WORK REQUIRED — In your copy, reproduce the entries exactly as they are, minus the images.

EXERCISE INPUT —

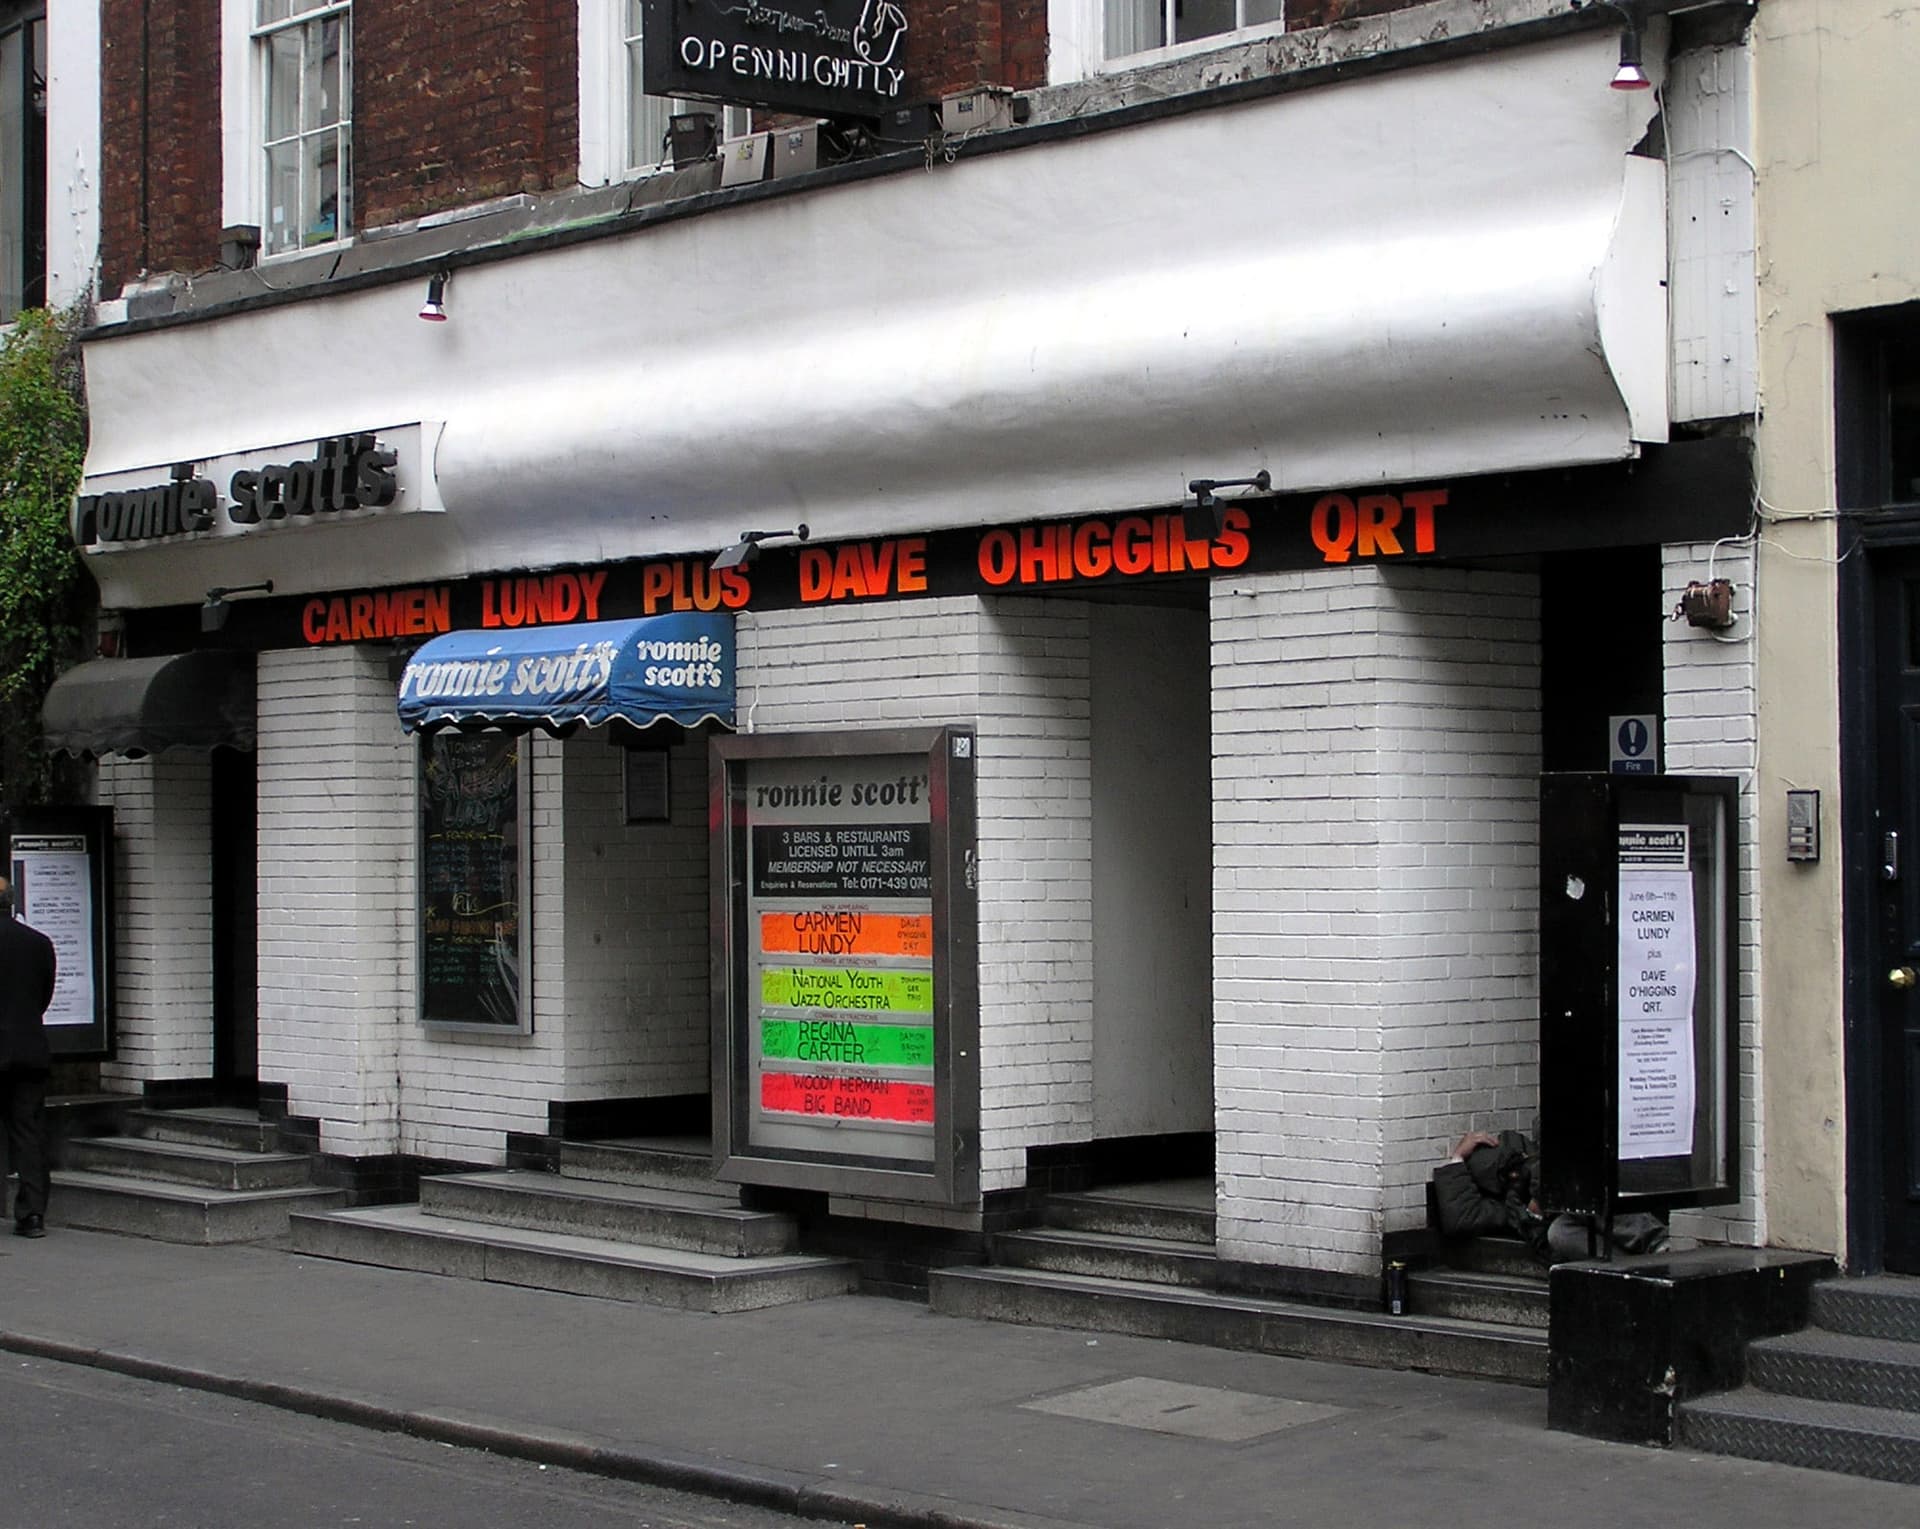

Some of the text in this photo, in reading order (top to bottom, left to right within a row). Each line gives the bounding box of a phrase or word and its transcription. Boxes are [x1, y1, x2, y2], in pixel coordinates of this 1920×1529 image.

[77, 433, 398, 545] ronnie scott's
[303, 489, 1449, 644] CARMEN LUNDY PLUS DAVE OHIGGINS QRT
[637, 636, 723, 663] ronnie
[400, 646, 505, 698] ronnie
[644, 662, 722, 688] scott's
[756, 775, 931, 808] ronnie scott'
[782, 830, 911, 844] 3 BARS & RESTAURANTS
[788, 845, 839, 858] LICENSED
[881, 845, 905, 857] 3am
[767, 860, 927, 874] MEMBERSHIP NOT NECESSARY
[793, 911, 862, 934] CARMEN
[1632, 910, 1675, 922] CARMEN
[1637, 927, 1671, 940] LUNDY
[799, 934, 857, 955] LUNDY
[793, 968, 843, 989] NATIONAL
[846, 969, 884, 990] YOUTH
[1641, 970, 1667, 982] DAVE
[790, 990, 891, 1010] JAZZ ORCHESTRA
[1629, 985, 1677, 998] O'HIGGINS
[799, 1020, 857, 1042] REGINA
[797, 1042, 865, 1063] CARTER
[793, 1075, 835, 1090] WOODY
[839, 1078, 889, 1095] HERMAN
[804, 1095, 872, 1115] BIG BAND
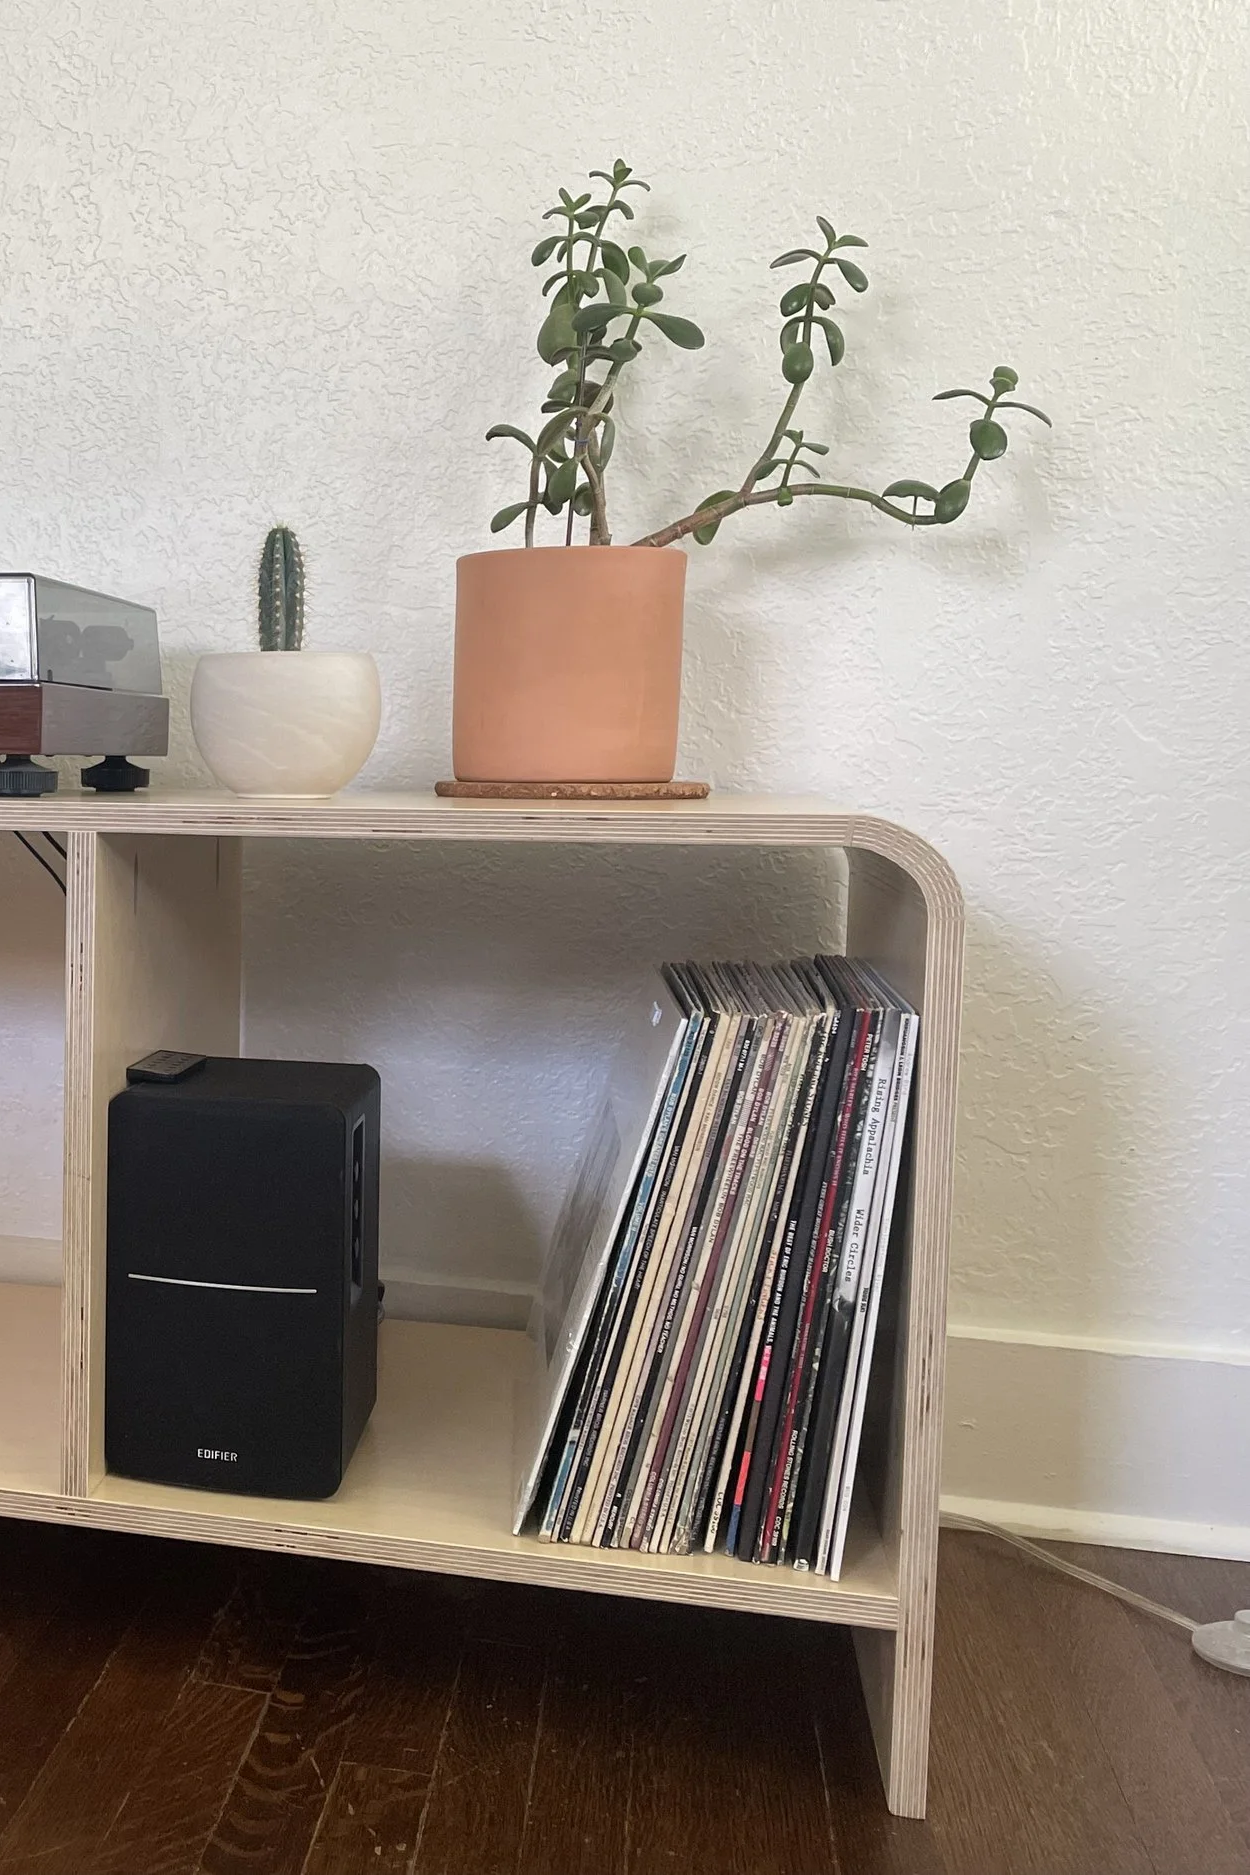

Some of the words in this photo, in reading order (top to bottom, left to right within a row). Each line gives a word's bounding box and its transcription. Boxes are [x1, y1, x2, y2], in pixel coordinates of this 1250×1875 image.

[862, 1033, 874, 1053] PETER
[859, 1053, 869, 1071] TOSH
[870, 1078, 887, 1112] Rising
[860, 1117, 880, 1175] Appalachia
[787, 1219, 797, 1231] THE
[851, 1208, 865, 1237] Wider
[824, 1229, 836, 1247] BUSH
[820, 1248, 832, 1272] DOCTOR
[843, 1242, 859, 1282] Circles
[786, 1429, 798, 1455] ROLLING
[197, 1448, 238, 1462] EDIFIER
[782, 1456, 793, 1480] STONES
[776, 1479, 789, 1509] RECORDS
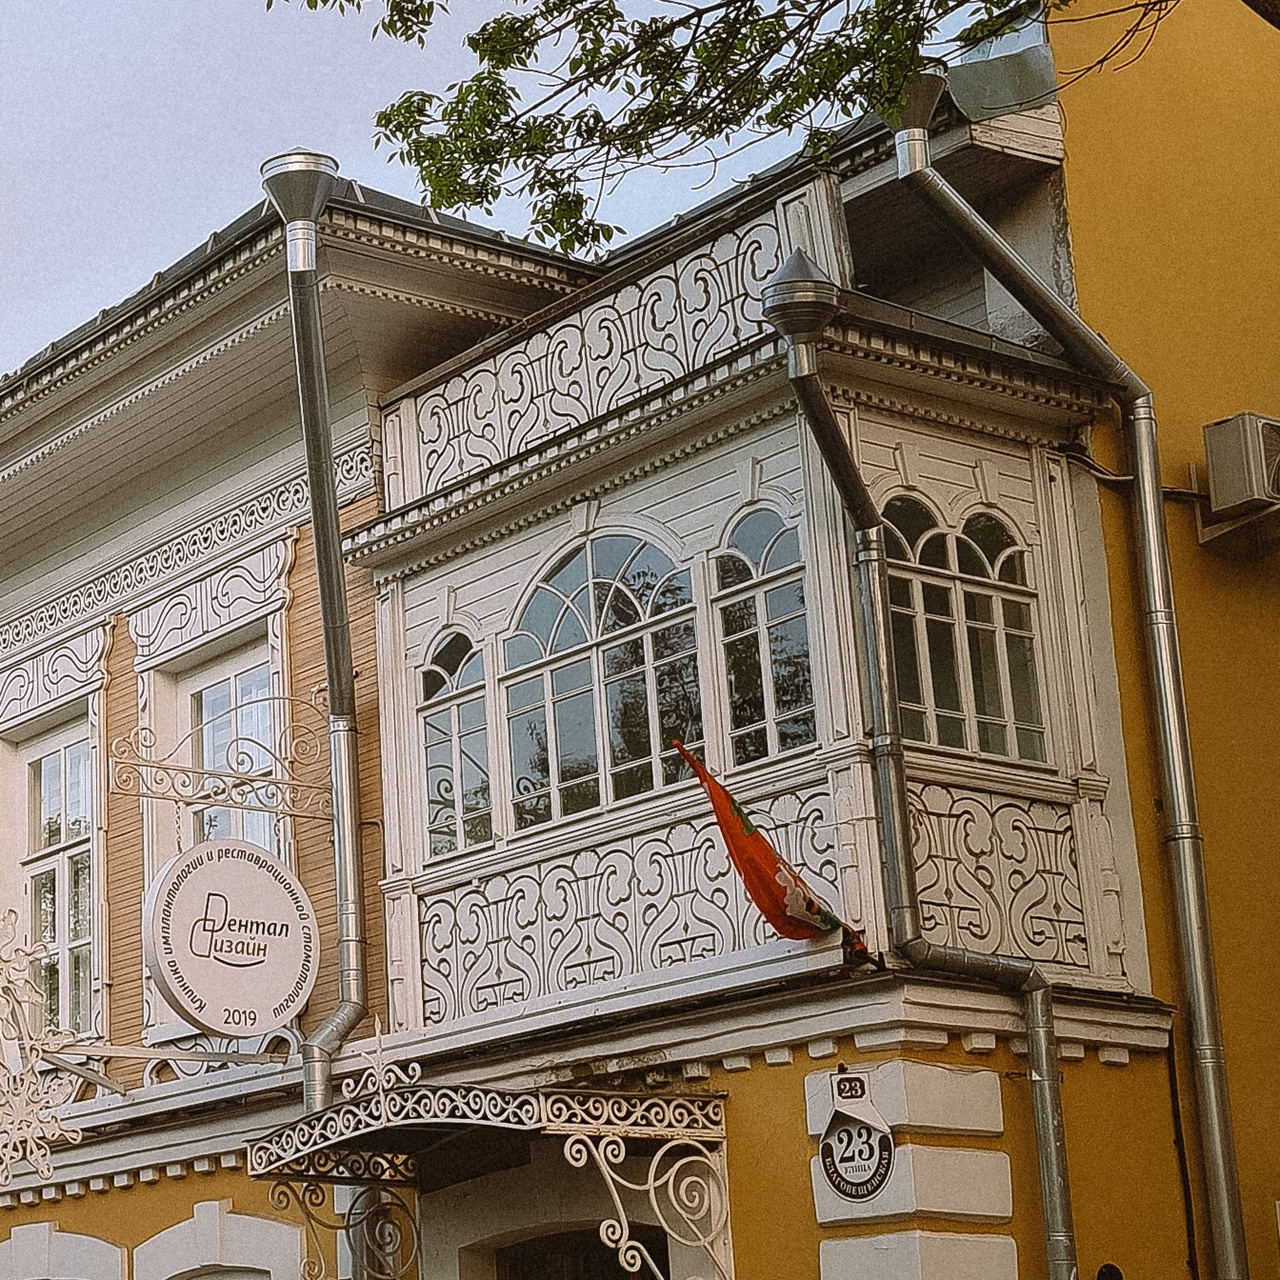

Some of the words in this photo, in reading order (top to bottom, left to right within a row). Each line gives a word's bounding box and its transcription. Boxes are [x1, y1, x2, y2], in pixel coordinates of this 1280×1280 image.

[207, 851, 215, 863] и
[217, 847, 311, 922] реставрационной
[160, 854, 205, 956] имплантологии
[167, 959, 208, 1014] Клиника
[272, 925, 314, 1019] стоматологии
[223, 1008, 258, 1027] 2019
[840, 1080, 862, 1097] 23
[836, 1125, 876, 1165] 23
[843, 1164, 873, 1175] УЛИЦА

EXPECTED ANSWER —
Some of the text in this photo, in reading order (top to bottom, left to right within a row). Each line gives the bounding box of a phrase or word and its transcription. Boxes are [x1, y1, x2, y2], in pixel coordinates of this 1920×1529 image.

[77, 433, 398, 545] ronnie scott's
[303, 489, 1449, 644] CARMEN LUNDY PLUS DAVE OHIGGINS QRT
[637, 636, 723, 663] ronnie
[400, 646, 505, 698] ronnie
[644, 662, 722, 688] scott's
[756, 775, 931, 808] ronnie scott'
[782, 830, 911, 844] 3 BARS & RESTAURANTS
[788, 845, 839, 858] LICENSED
[881, 845, 905, 857] 3am
[767, 860, 927, 874] MEMBERSHIP NOT NECESSARY
[793, 911, 862, 934] CARMEN
[1632, 910, 1675, 922] CARMEN
[1637, 927, 1671, 940] LUNDY
[799, 934, 857, 955] LUNDY
[793, 968, 843, 989] NATIONAL
[846, 969, 884, 990] YOUTH
[1641, 970, 1667, 982] DAVE
[790, 990, 891, 1010] JAZZ ORCHESTRA
[1629, 985, 1677, 998] O'HIGGINS
[799, 1020, 857, 1042] REGINA
[797, 1042, 865, 1063] CARTER
[793, 1075, 835, 1090] WOODY
[839, 1078, 889, 1095] HERMAN
[804, 1095, 872, 1115] BIG BAND

Some of the words in this photo, in reading order (top to bottom, left to right within a row). Each line gives a word's bounding box and its transcription. Boxes are [x1, y1, x2, y2], in pixel coordinates of this 1250×1875 image.

[862, 1033, 874, 1053] PETER
[859, 1053, 869, 1071] TOSH
[870, 1078, 887, 1112] Rising
[860, 1117, 880, 1175] Appalachia
[787, 1219, 797, 1231] THE
[851, 1208, 865, 1237] Wider
[824, 1229, 836, 1247] BUSH
[820, 1248, 832, 1272] DOCTOR
[843, 1242, 859, 1282] Circles
[786, 1429, 798, 1455] ROLLING
[197, 1448, 238, 1462] EDIFIER
[782, 1456, 793, 1480] STONES
[776, 1479, 789, 1509] RECORDS

Some of the words in this photo, in reading order (top to bottom, left to right within a row). Each line gives a word's bounding box and its transcription. Boxes are [x1, y1, x2, y2], in pixel coordinates of this 1280×1280 image.

[207, 851, 215, 863] и
[217, 847, 311, 922] реставрационной
[160, 854, 205, 956] имплантологии
[167, 959, 208, 1014] Клиника
[272, 925, 314, 1019] стоматологии
[223, 1008, 258, 1027] 2019
[840, 1080, 862, 1097] 23
[836, 1125, 876, 1165] 23
[843, 1164, 873, 1175] УЛИЦА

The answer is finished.